Return the data below exactly, minus the pictures.

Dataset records
++++++

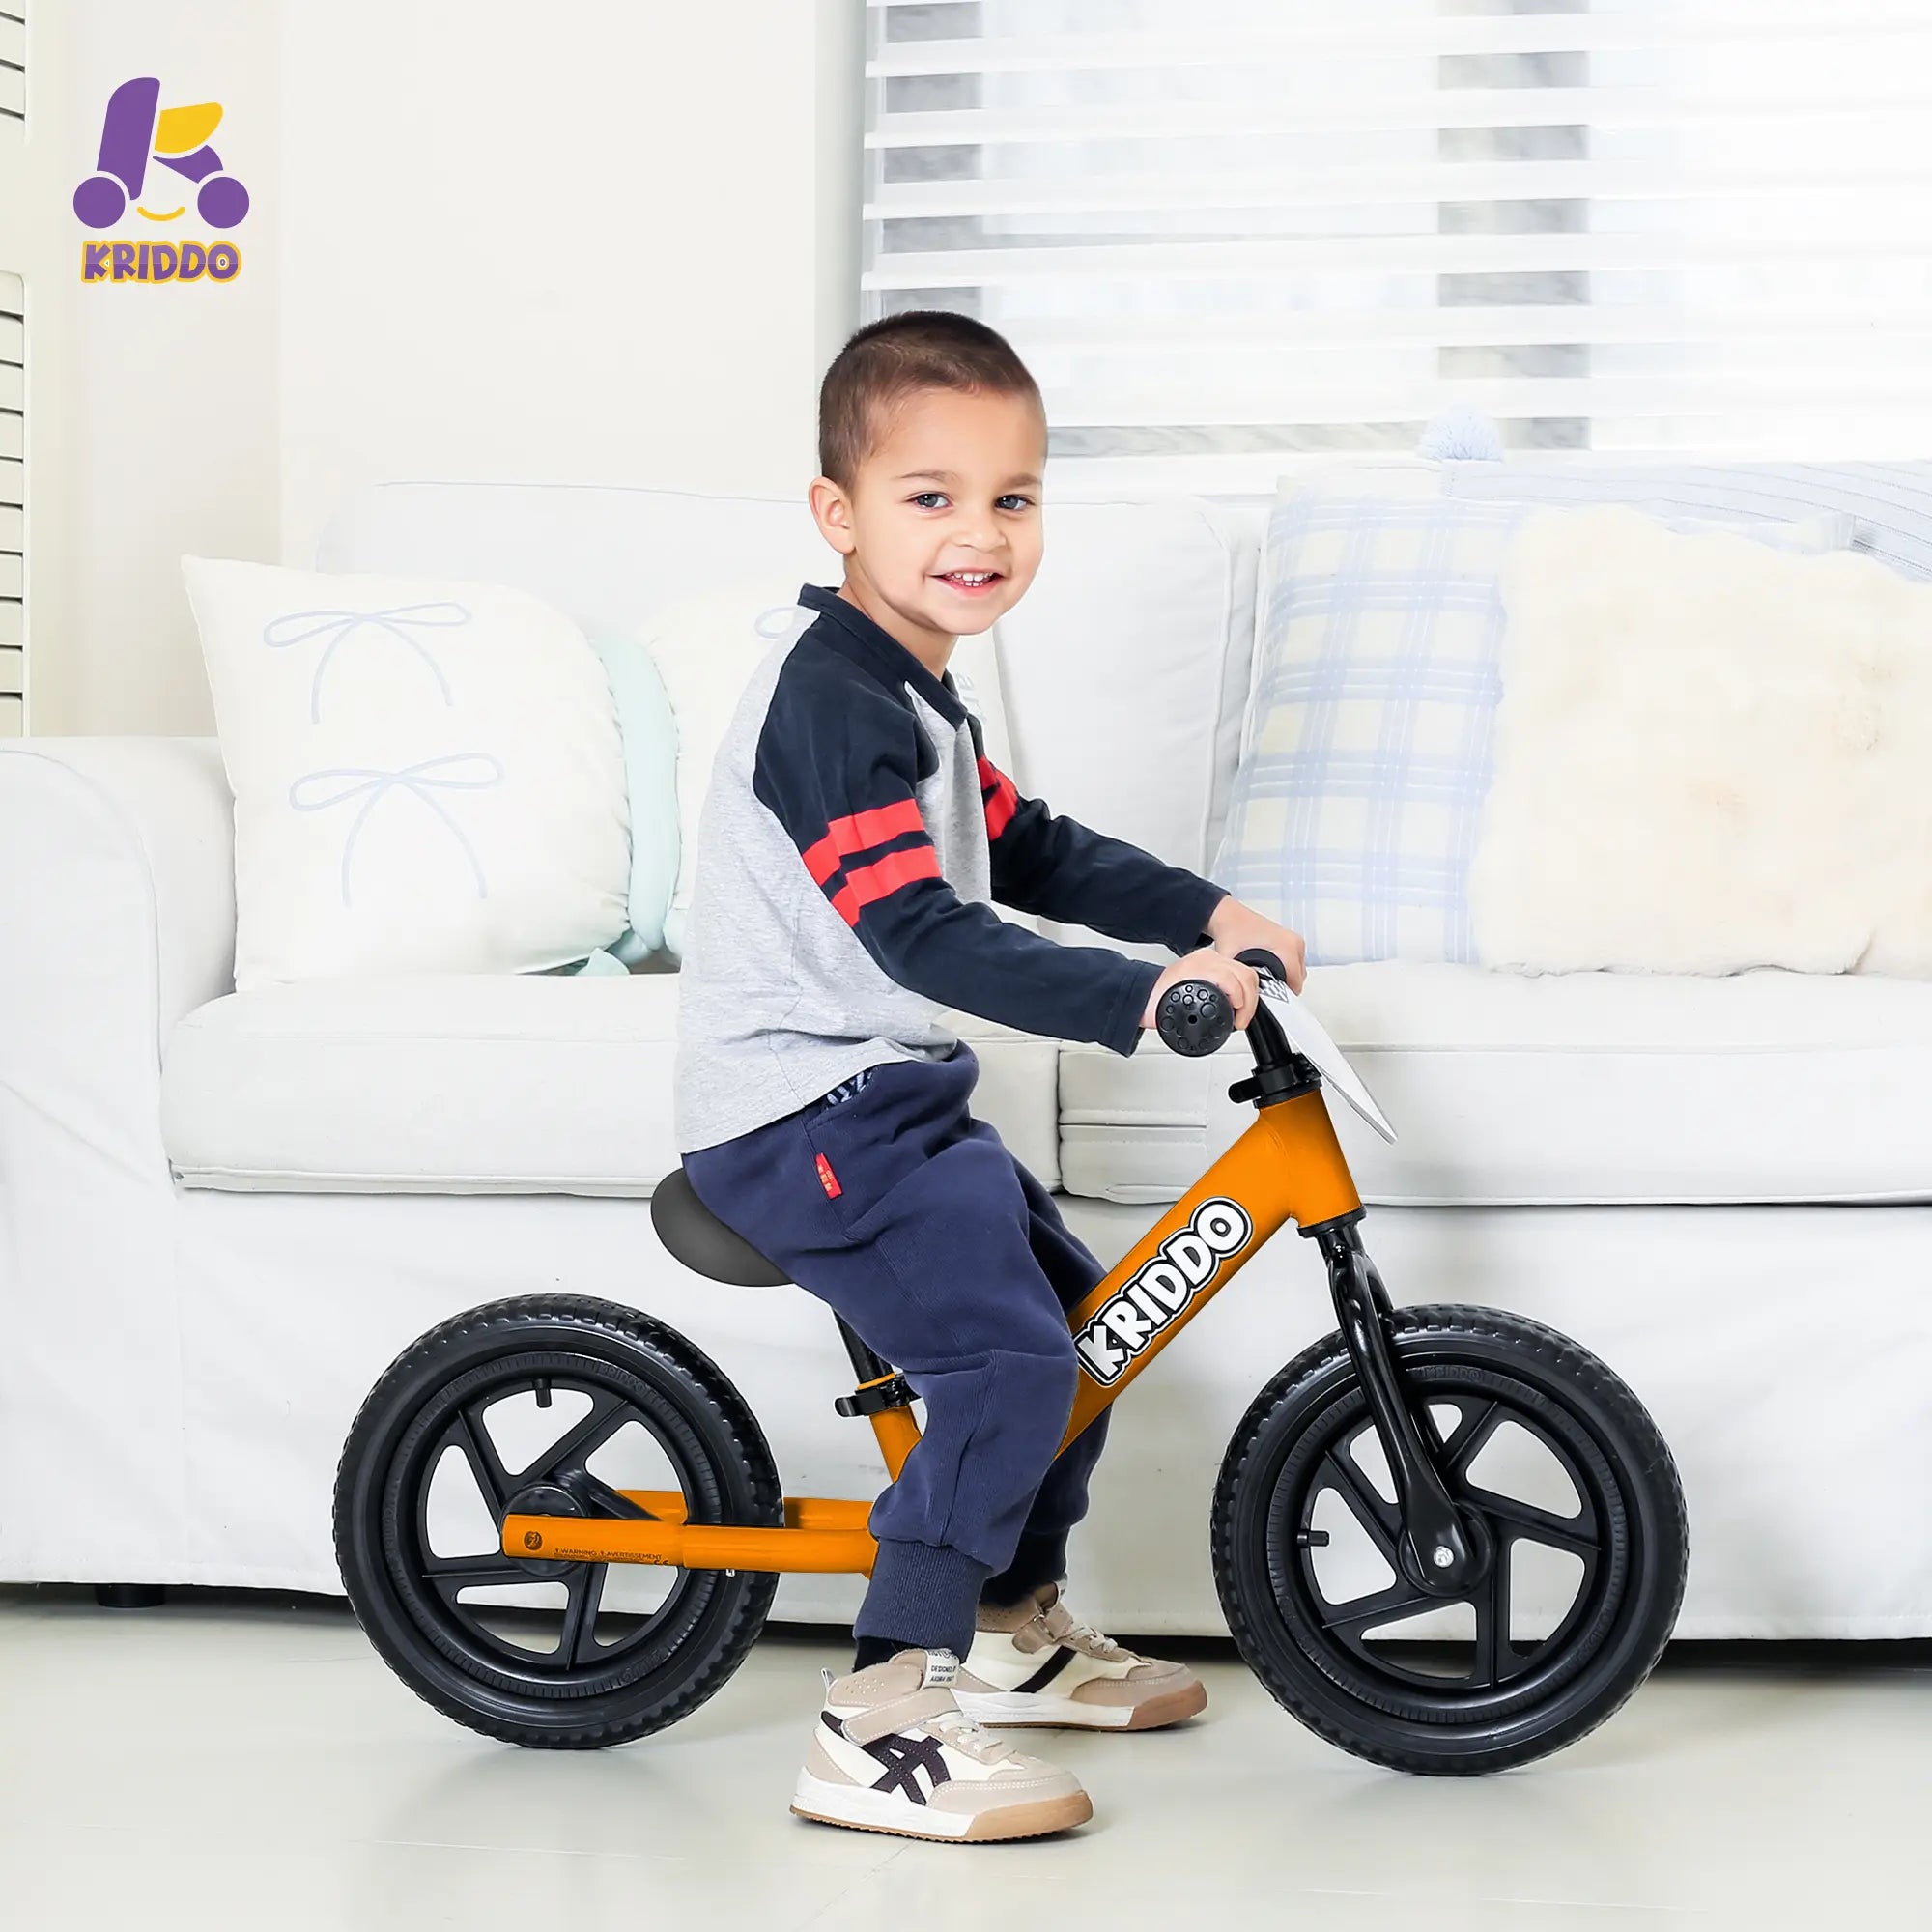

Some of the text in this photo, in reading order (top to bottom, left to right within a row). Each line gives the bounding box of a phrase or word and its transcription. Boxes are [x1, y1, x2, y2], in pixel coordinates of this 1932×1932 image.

[1074, 1198, 1250, 1381] KRIDDO
[561, 1548, 597, 1556] WARNING
[607, 1550, 663, 1560] AVERTISSEMENT
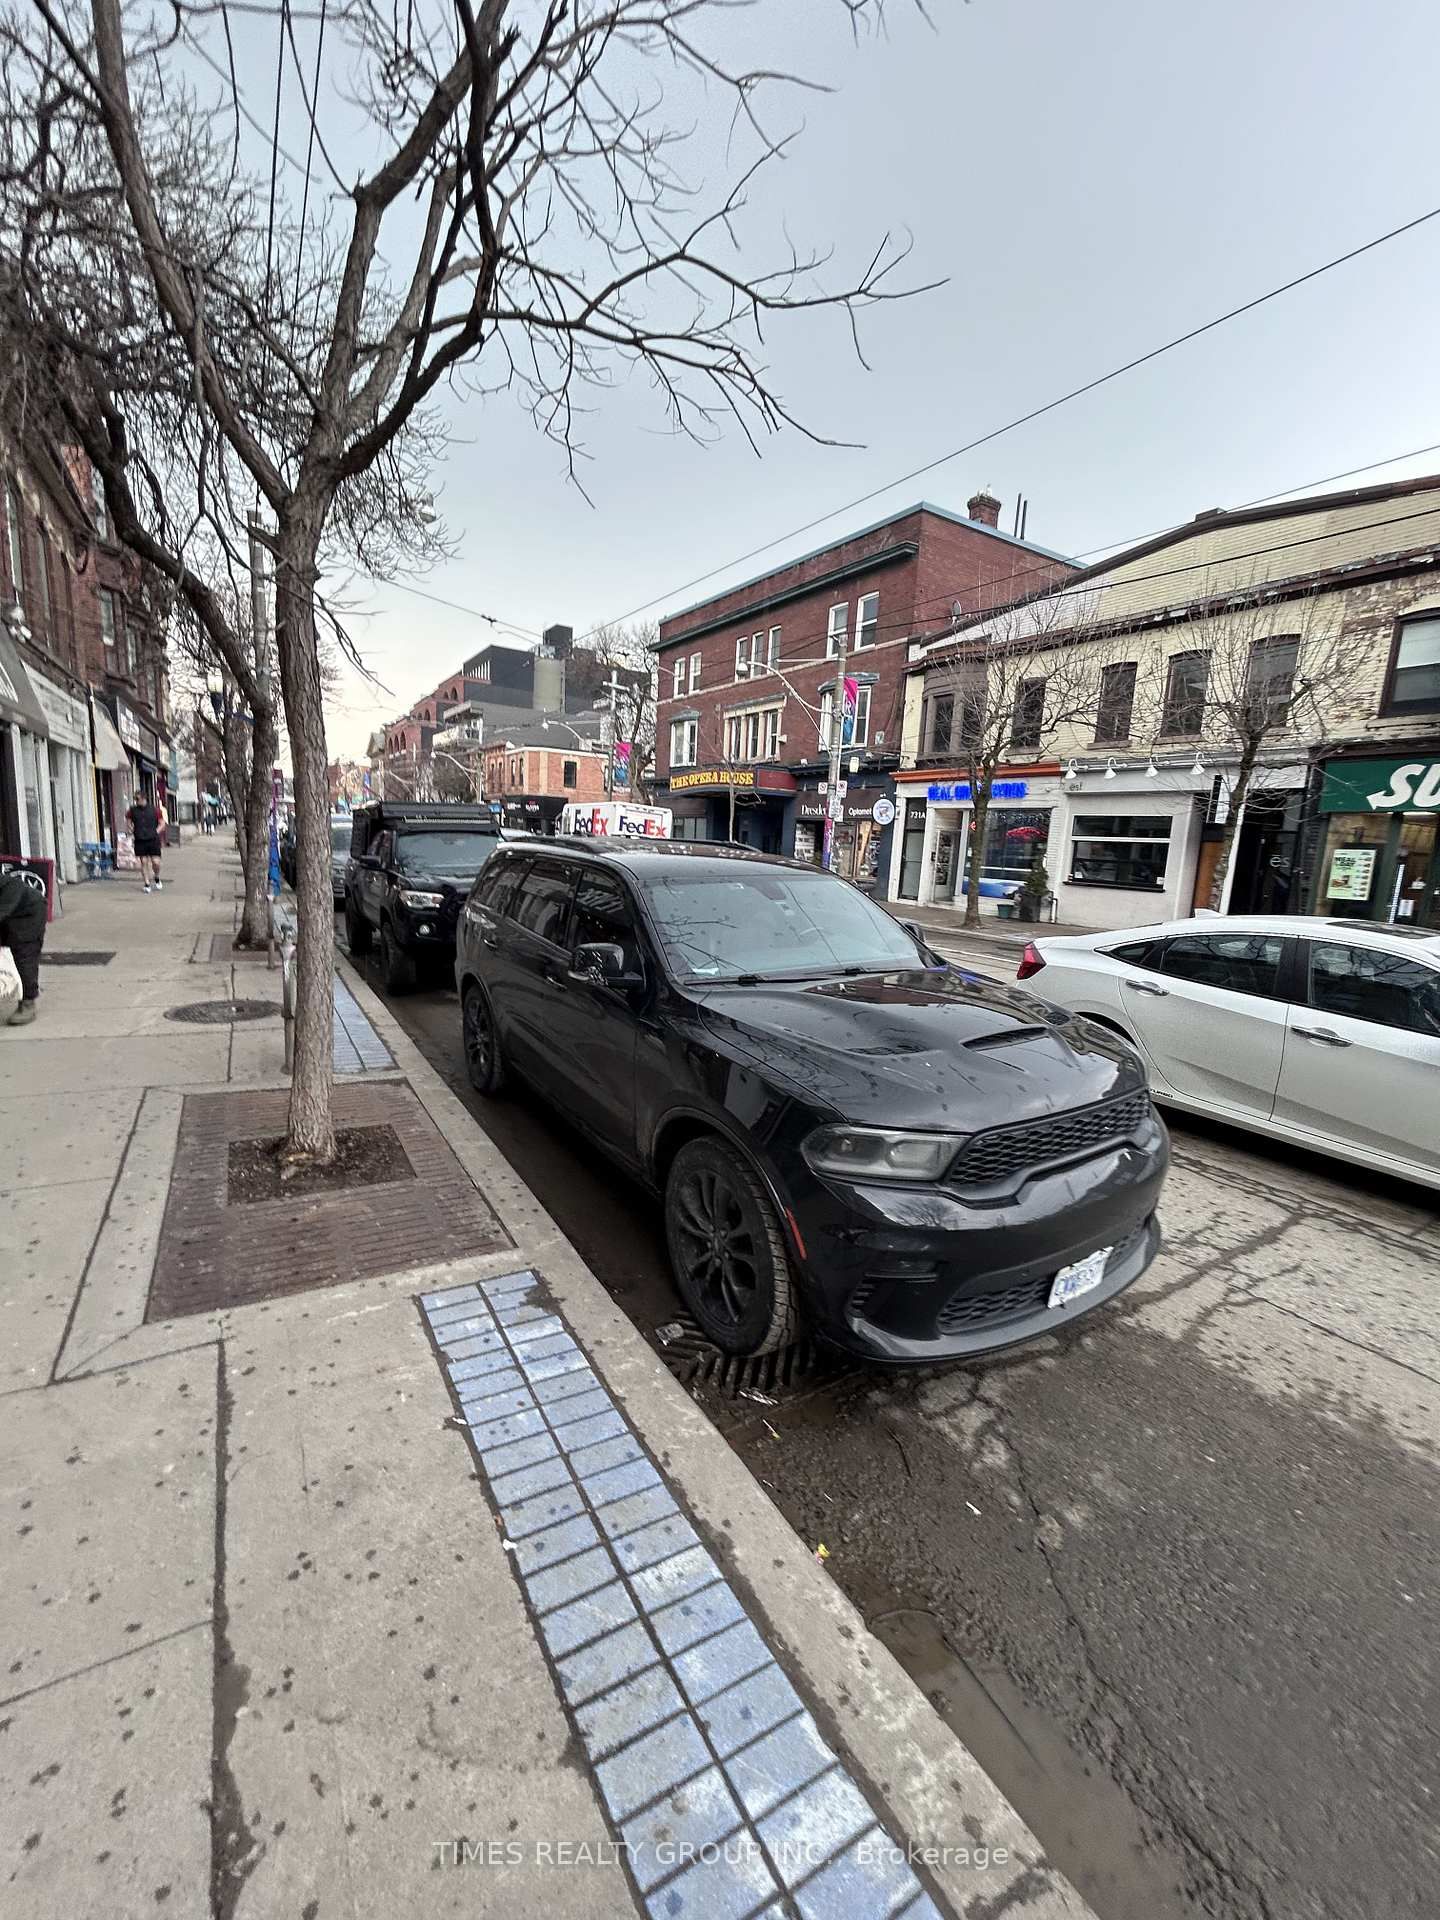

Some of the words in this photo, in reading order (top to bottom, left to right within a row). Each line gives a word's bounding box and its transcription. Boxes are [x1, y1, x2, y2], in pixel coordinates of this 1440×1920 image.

++++++

Your solution:
Some of the text in this photo, in reading order (top to bottom, left to right within a row). Each line gives the bounding box of a phrase or word and its transcription. Boxes are [x1, y1, x2, y2], in pixel coordinates of this 1932×1932 image.

[1074, 1198, 1250, 1381] KRIDDO
[561, 1548, 597, 1556] WARNING
[607, 1550, 663, 1560] AVERTISSEMENT

Some of the words in this photo, in reading order (top to bottom, left to right within a row). Each line gives a word's bounding box and its transcription. Boxes are [x1, y1, x2, y2], in pixel coordinates of this 1440×1920 image.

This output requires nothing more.